Vide il y a quelques minutes, le domicile de Seydou Pierre Ouédraogo, situé à Koko Nord, une demi-douzaine de personnes l’occupent en peu de temps. Le chef de la communauté burkinabè de Korhogo, en Côte d’Ivoire, a convoqué une réunion d’urgence. Ils ont accouru, en moins de 20 minutes, comme à chaque fois que Naba, le surnom de Seydou, les appelle.
« C’est un signe de respect et de confiance. Quand il lance un appel, on se mobilise sans hésiter, sauf si on n’a pas reçu le message », confie Drissa Tarnagda, l’un des responsables de la communauté Bissa. L’équipe nationale du Burkina Faso affronte le lendemain celle du Mali. Les représentants des différentes ethnies : Bissa, Samo, Dafing, ainsi que la présidente des femmes, sont tous présents.
Le chef en profite pour lancer un appel au fair-play à la communauté qu’il dirige. Tout doit bien se passer quel que soit le vainqueur de cette opposition. Avec le représentant de la communauté malienne à Korhogo, ils en ont discuté. « Le Mali et le Burkina Faso sont deux pays frères », rappelle-t-il. Pour donner l’exemple, il a décidé d’aller lui-même avec le président de la communauté malienne au stade dans le même véhicule.
Un rassembleur
Pierre dirige cette communauté depuis 2002, une époque qui a coïncidé avec une crise postélectorale. Celle-ci a causé beaucoup de morts en Côte d’Ivoire. Cette crise avait fragilisé la cohabitation entre communautaire autochtone et étrangère.

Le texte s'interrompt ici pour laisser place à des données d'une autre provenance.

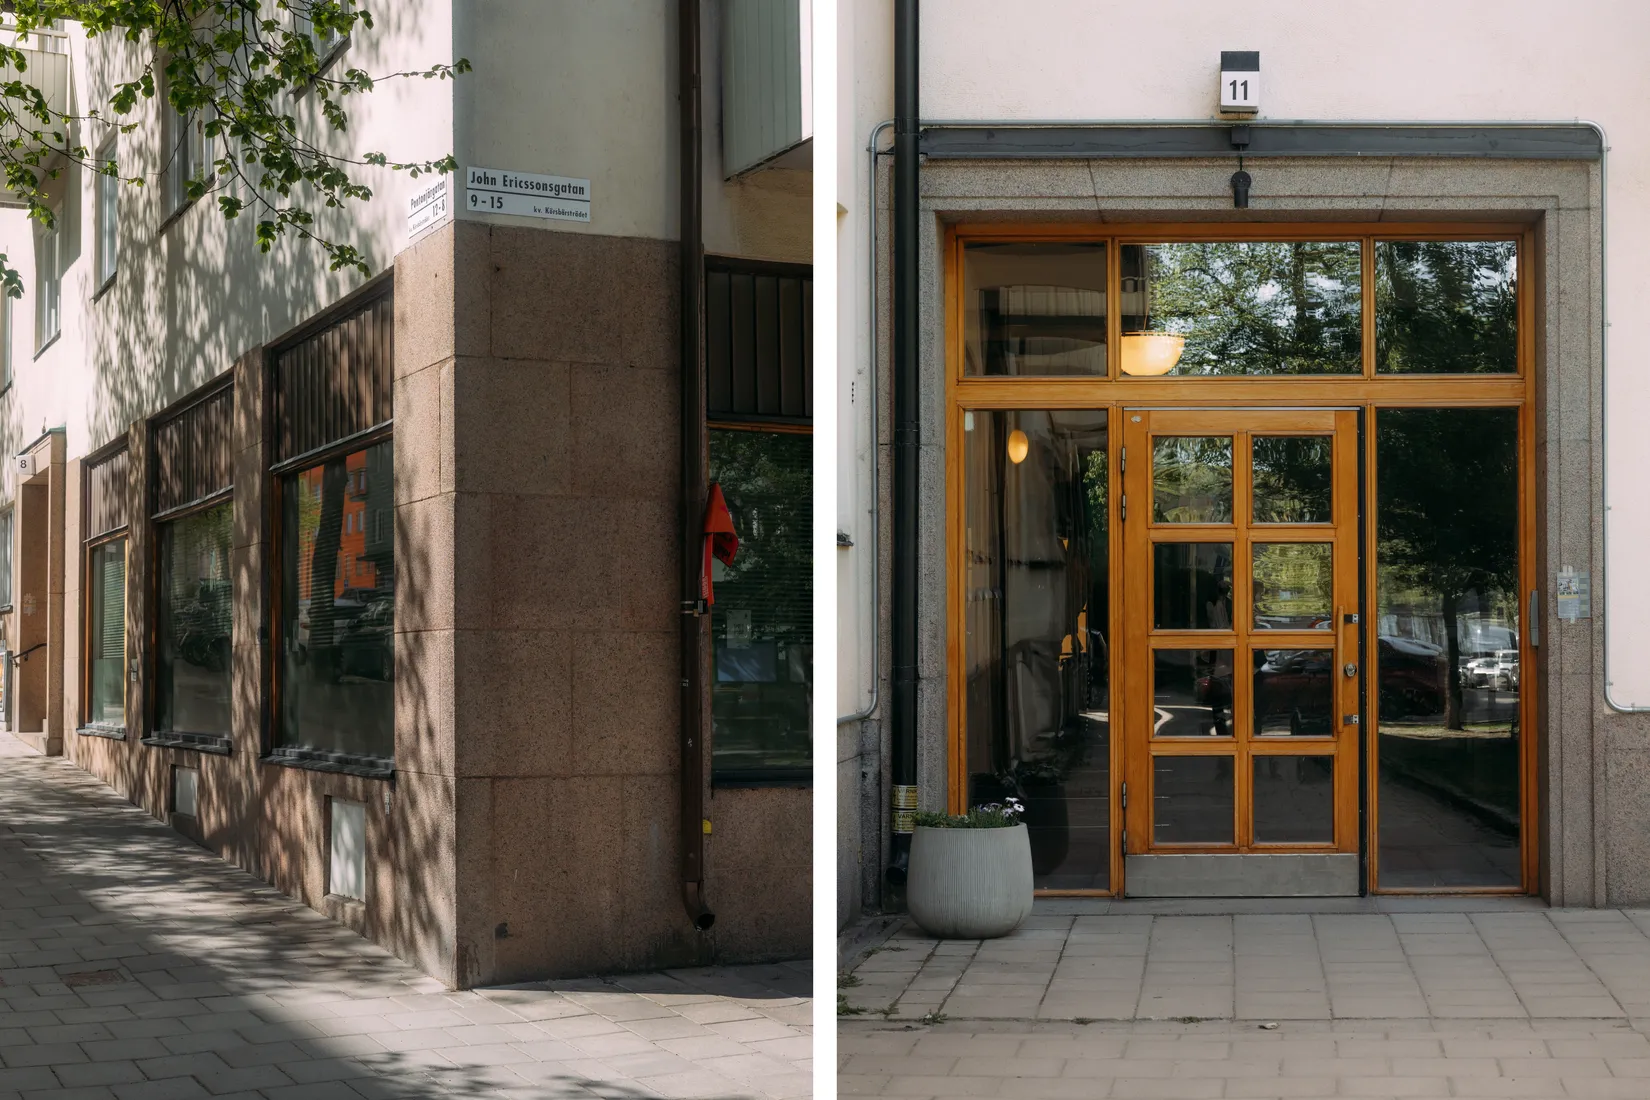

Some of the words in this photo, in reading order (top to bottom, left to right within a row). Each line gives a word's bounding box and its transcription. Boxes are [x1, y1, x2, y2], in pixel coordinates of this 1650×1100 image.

À plus de soixante-dix ans d’âge, ce commerçant a su créer une cohésion sociale et une solide solidarité entre les Burkinabè de Korhogo. D’abord, il a encouragé la création des associations au sein de chaque ethnie. Ce qui permet de renforcer les liens fraternels et régler les problèmes internes. Mais il n’est pas du genre à se décharger de son rôle de chef.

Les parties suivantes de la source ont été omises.